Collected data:
▬▬▬▬▬▬▬▬▬▬

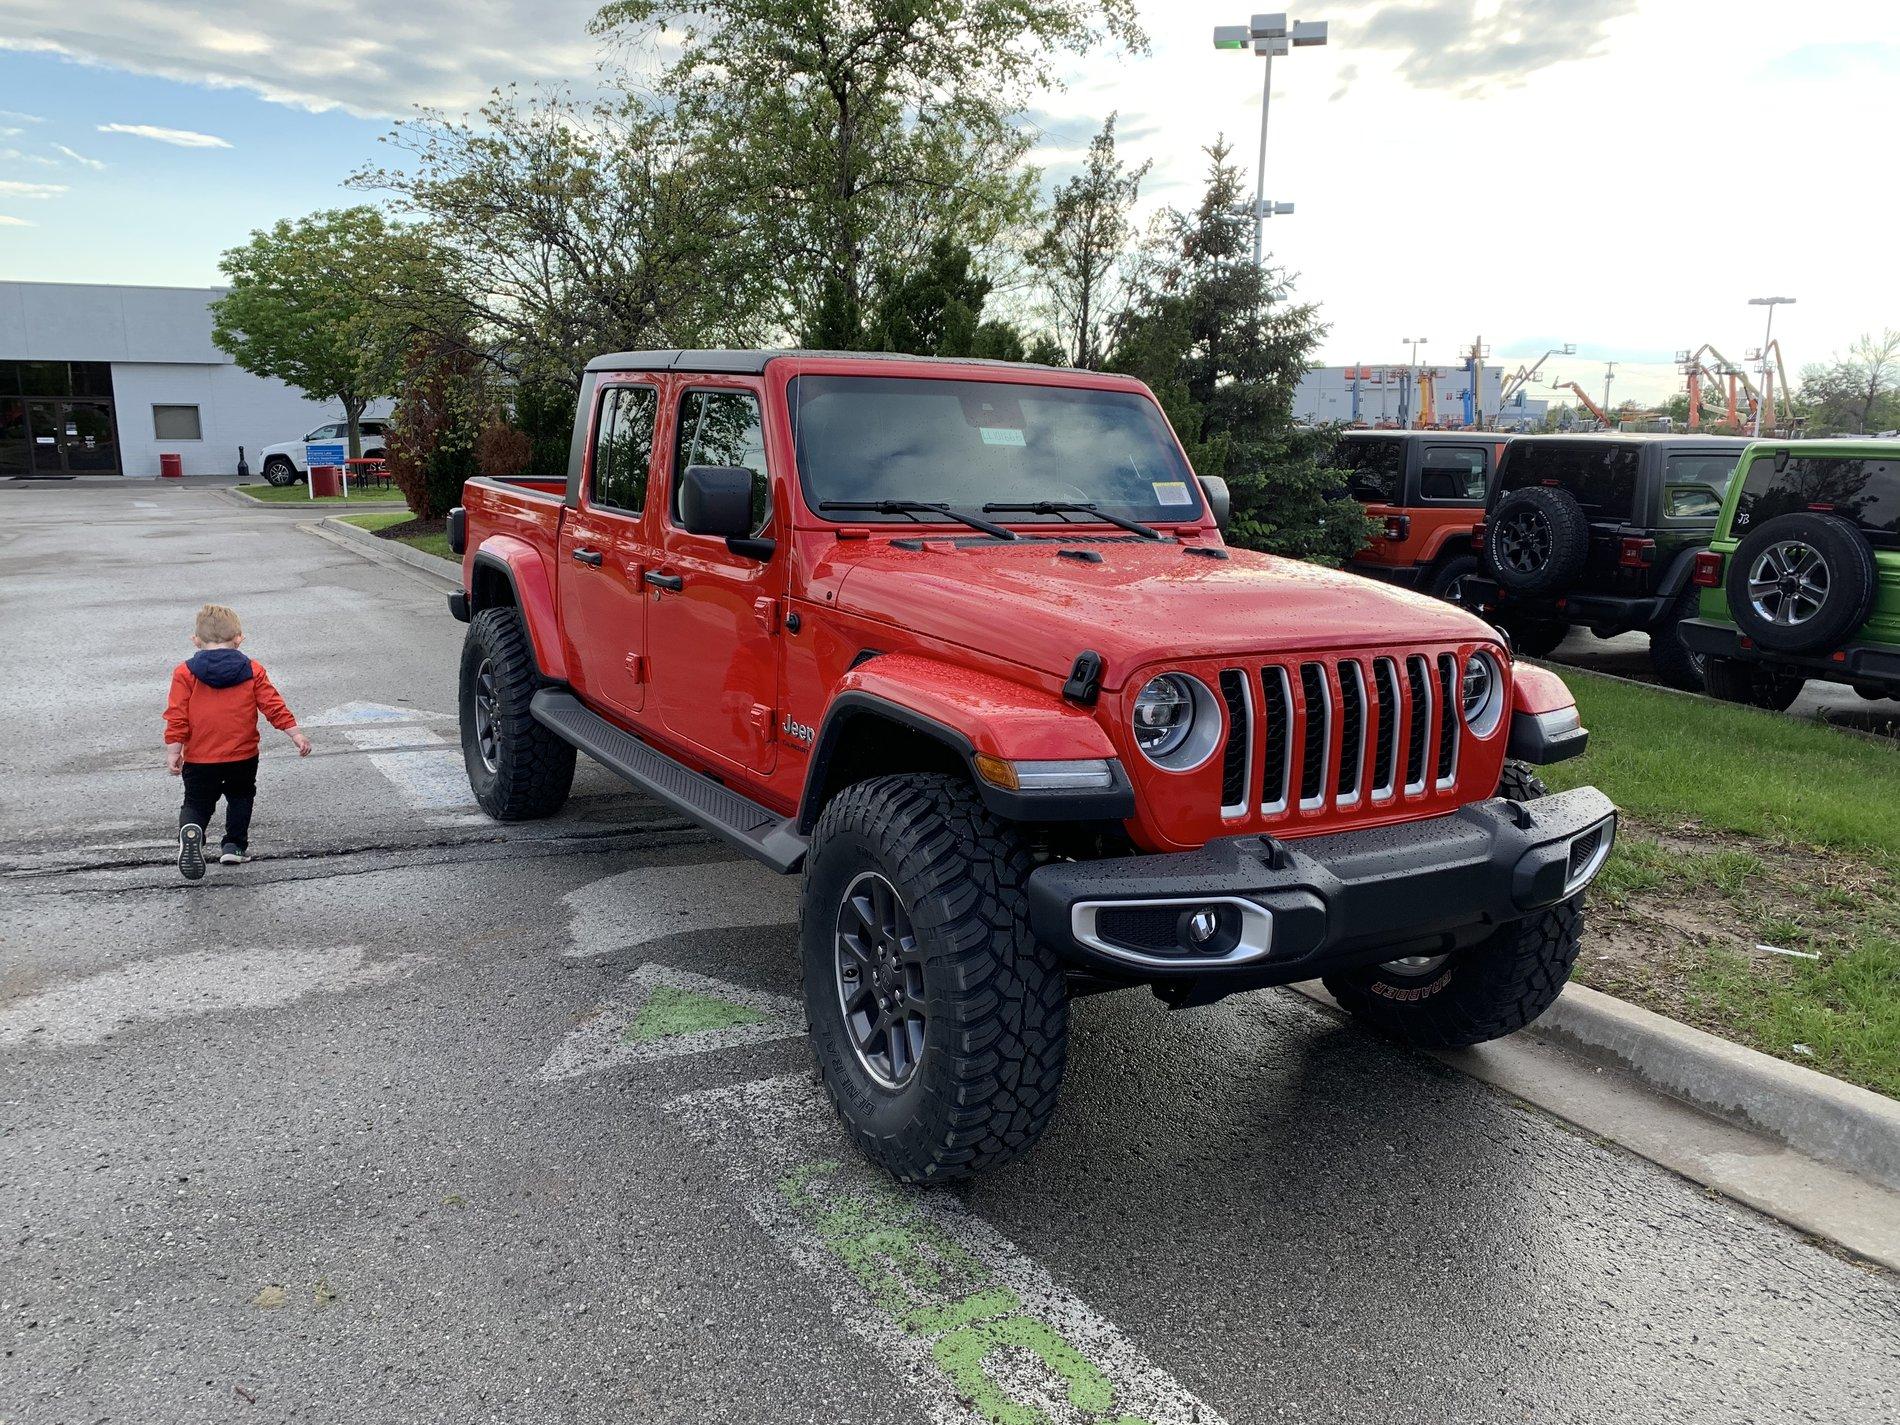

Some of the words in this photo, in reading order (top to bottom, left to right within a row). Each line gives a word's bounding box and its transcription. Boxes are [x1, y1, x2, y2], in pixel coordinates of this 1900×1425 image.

[782, 713, 815, 746] Jeep
[1371, 969, 1452, 1001] GRABBER
[822, 1022, 876, 1117] GENERAL
[778, 1159, 1151, 1425] GEIC

▬▬▬▬▬▬▬▬▬▬

Repeat the data word for word. Skip the pictures.

Some of the words in this photo, in reading order (top to bottom, left to right within a row). Each line gives a word's bounding box and its transcription. Boxes are [x1, y1, x2, y2], in pixel coordinates of this 1900×1425 image.

[782, 713, 815, 746] Jeep
[1371, 969, 1452, 1001] GRABBER
[822, 1022, 876, 1117] GENERAL
[778, 1159, 1151, 1425] GEIC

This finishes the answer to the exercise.